Reproduce the data below exactly as written. Pictures do not belong in the copy.

-------

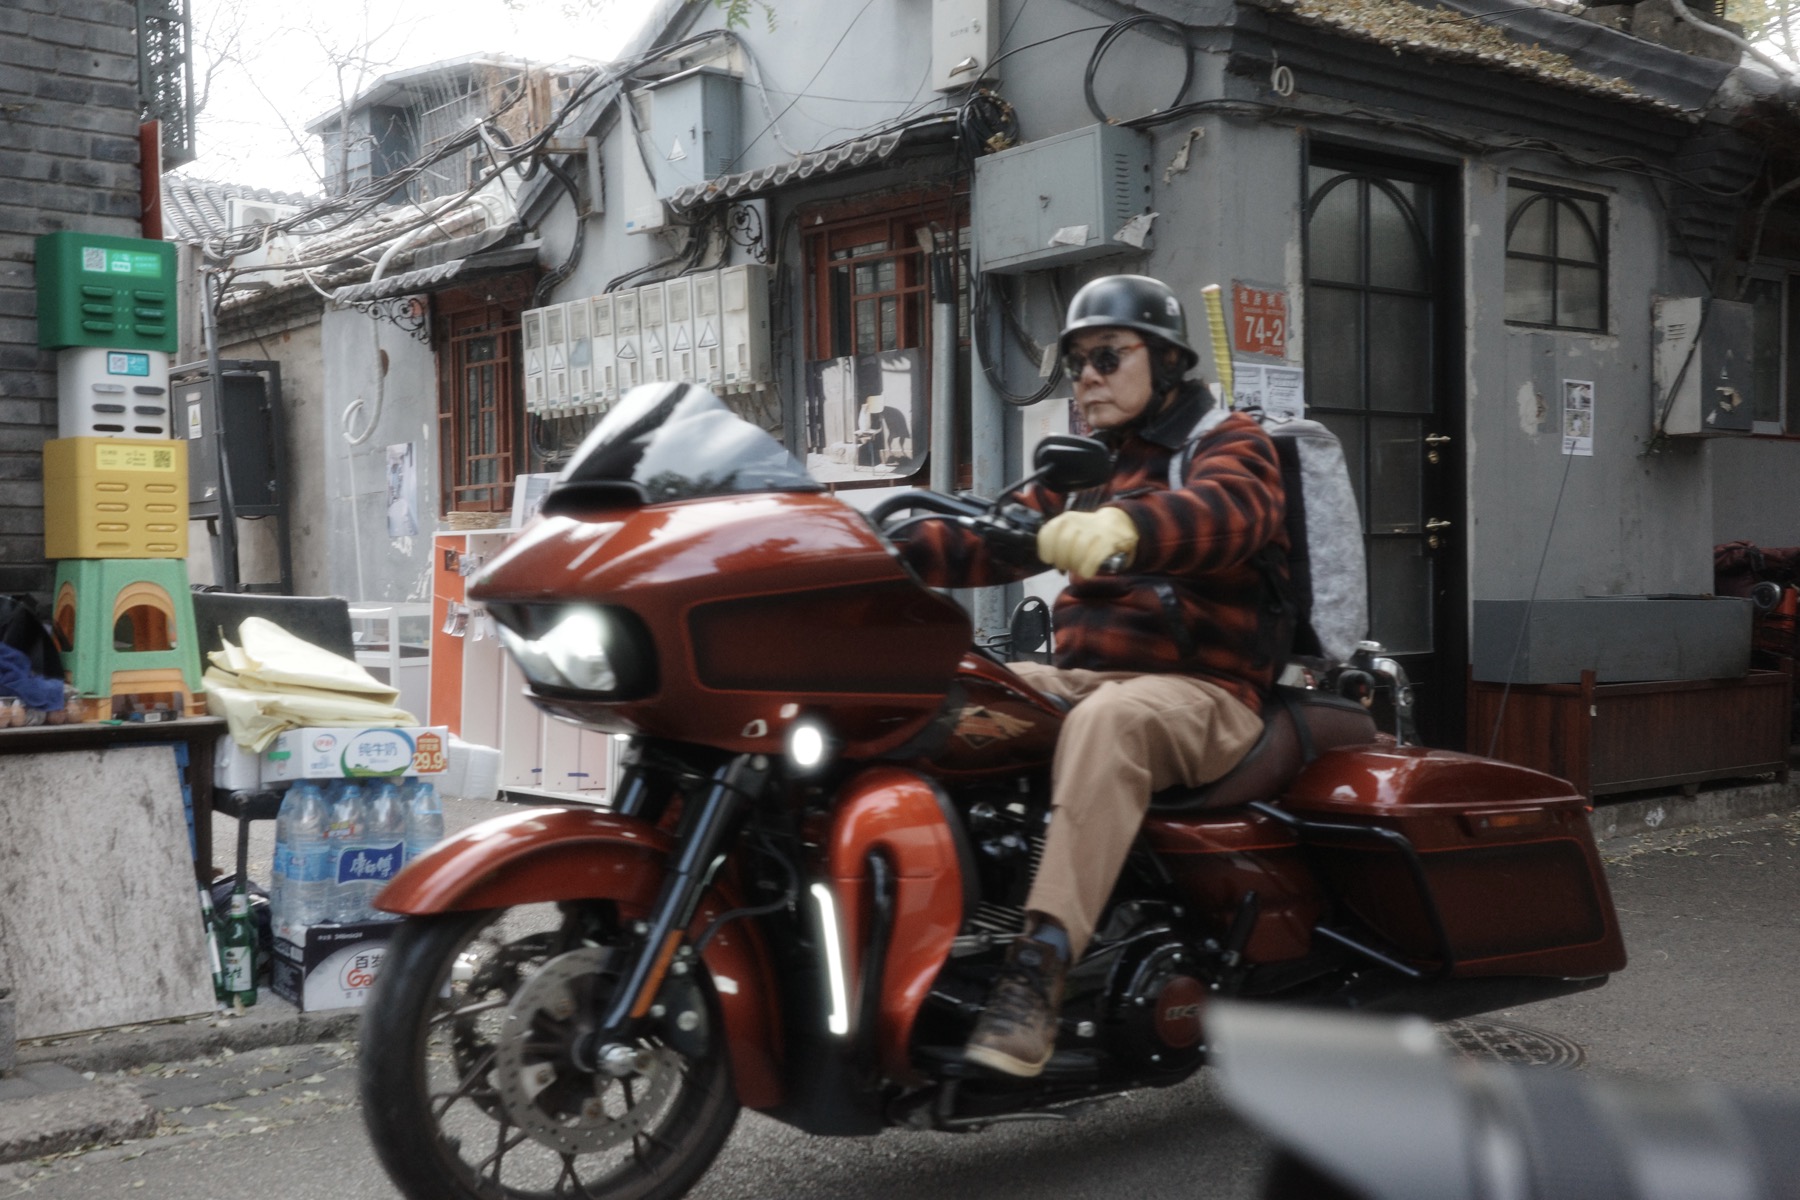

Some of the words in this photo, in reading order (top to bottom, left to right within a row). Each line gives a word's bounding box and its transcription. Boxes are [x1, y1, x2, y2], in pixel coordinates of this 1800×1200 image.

[1245, 316, 1283, 345] 74-2
[358, 742, 398, 757] 纯牛奶
[412, 752, 443, 770] 29.9
[350, 852, 393, 877] 康师傅
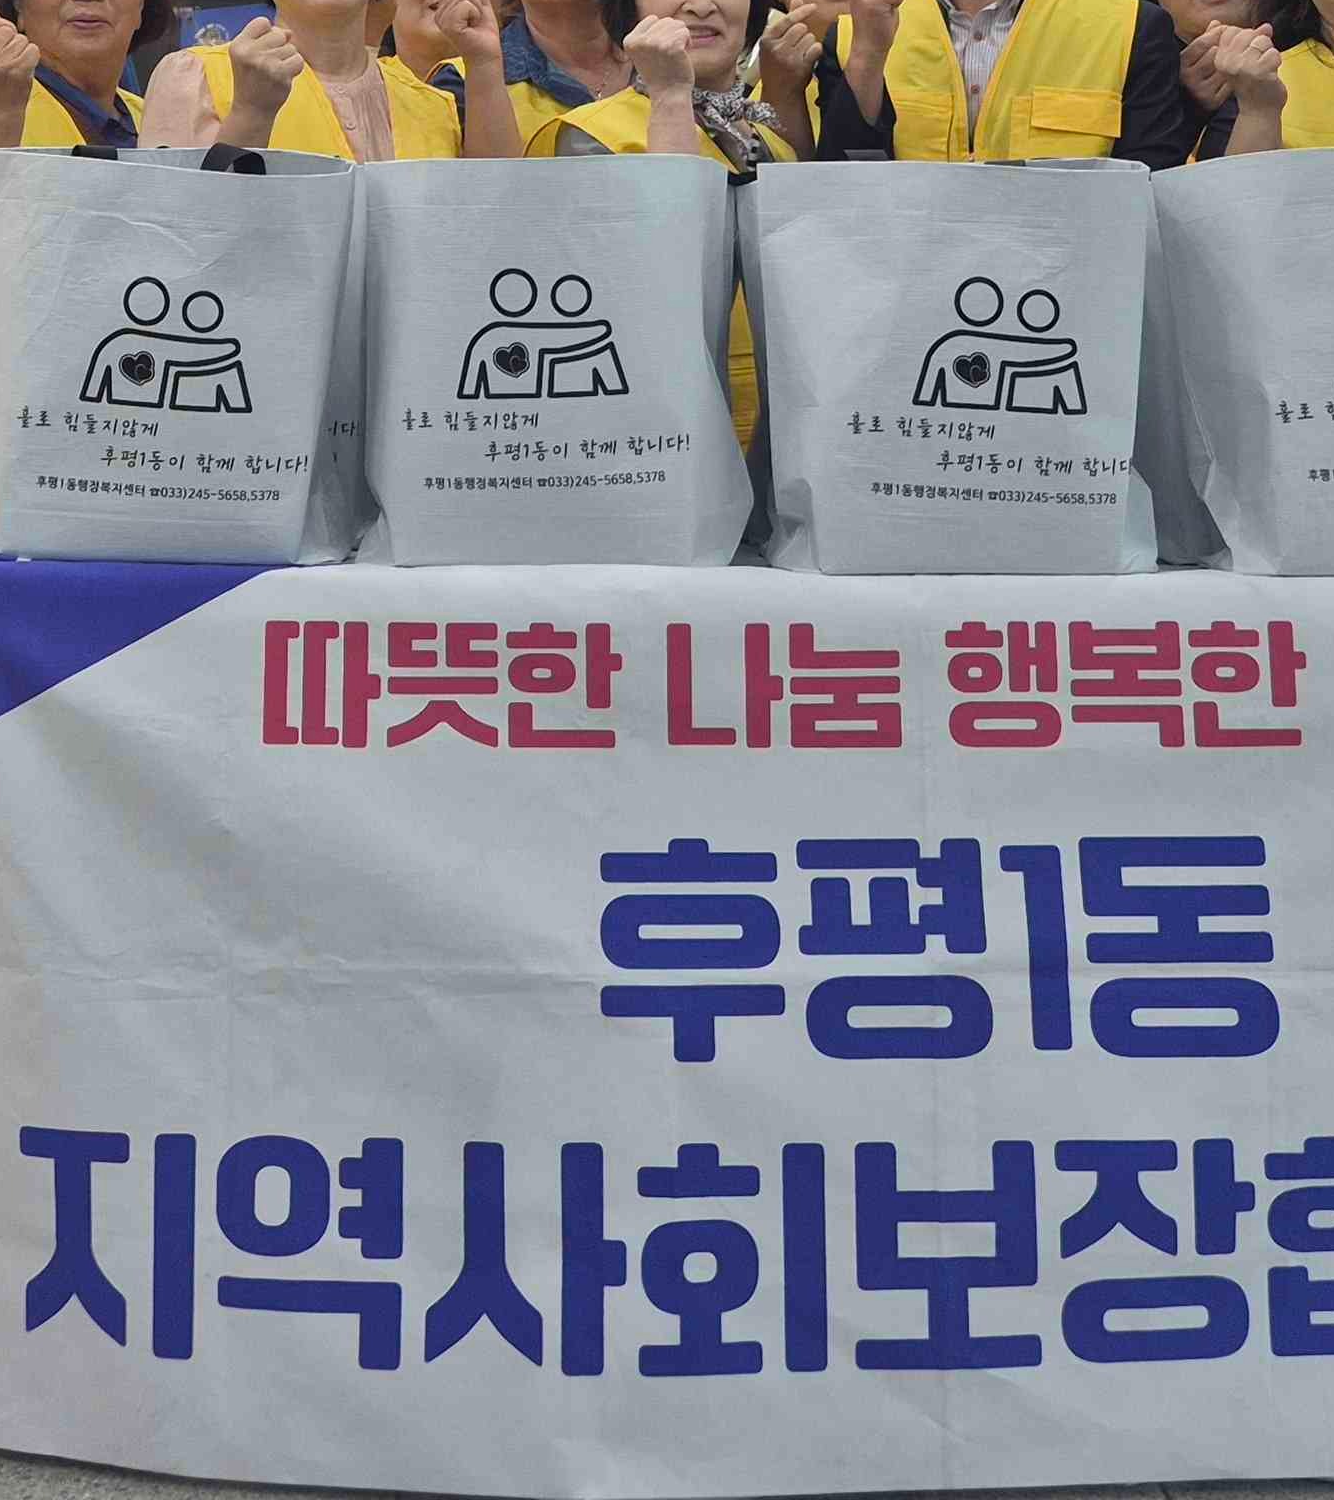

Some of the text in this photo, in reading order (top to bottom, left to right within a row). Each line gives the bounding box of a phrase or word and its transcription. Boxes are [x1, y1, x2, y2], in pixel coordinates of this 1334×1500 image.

[16, 405, 162, 439] 홀로 힘들지않게
[401, 407, 540, 432] 홀로 힘들지않게
[1274, 399, 1315, 424] 홀로
[846, 410, 996, 443] 홀로 힘들지않게
[99, 445, 309, 475] 후평1동이 함께 합니다!
[483, 432, 690, 463] 후평1동이 함께 합니다!
[935, 449, 1024, 475] 후평1동이
[1033, 455, 1074, 477] 함께
[35, 475, 146, 498] 후평1동행정복지센터
[423, 475, 533, 491] 후평1동행정복지센터
[870, 481, 984, 502] 후평1동행정복지센터
[262, 620, 623, 749] 따뜻한
[666, 622, 903, 749] 나눔
[944, 620, 1307, 748] 행복한
[599, 835, 1281, 1063] 후평1동

-------

__Answer to this exercise__.
Some of the words in this photo, in reading order (top to bottom, left to right within a row). Each line gives a word's bounding box and its transcription. Boxes are [x1, y1, x2, y2], in pixel coordinates of this 1800×1200 image.

[1245, 316, 1283, 345] 74-2
[358, 742, 398, 757] 纯牛奶
[412, 752, 443, 770] 29.9
[350, 852, 393, 877] 康师傅

Some of the text in this photo, in reading order (top to bottom, left to right within a row). Each line gives the bounding box of a phrase or word and its transcription. Boxes are [x1, y1, x2, y2], in pixel coordinates of this 1334×1500 image.

[16, 405, 162, 439] 홀로 힘들지않게
[401, 407, 540, 432] 홀로 힘들지않게
[1274, 399, 1315, 424] 홀로
[846, 410, 996, 443] 홀로 힘들지않게
[99, 445, 309, 475] 후평1동이 함께 합니다!
[483, 432, 690, 463] 후평1동이 함께 합니다!
[935, 449, 1024, 475] 후평1동이
[1033, 455, 1074, 477] 함께
[35, 475, 146, 498] 후평1동행정복지센터
[423, 475, 533, 491] 후평1동행정복지센터
[870, 481, 984, 502] 후평1동행정복지센터
[262, 620, 623, 749] 따뜻한
[666, 622, 903, 749] 나눔
[944, 620, 1307, 748] 행복한
[599, 835, 1281, 1063] 후평1동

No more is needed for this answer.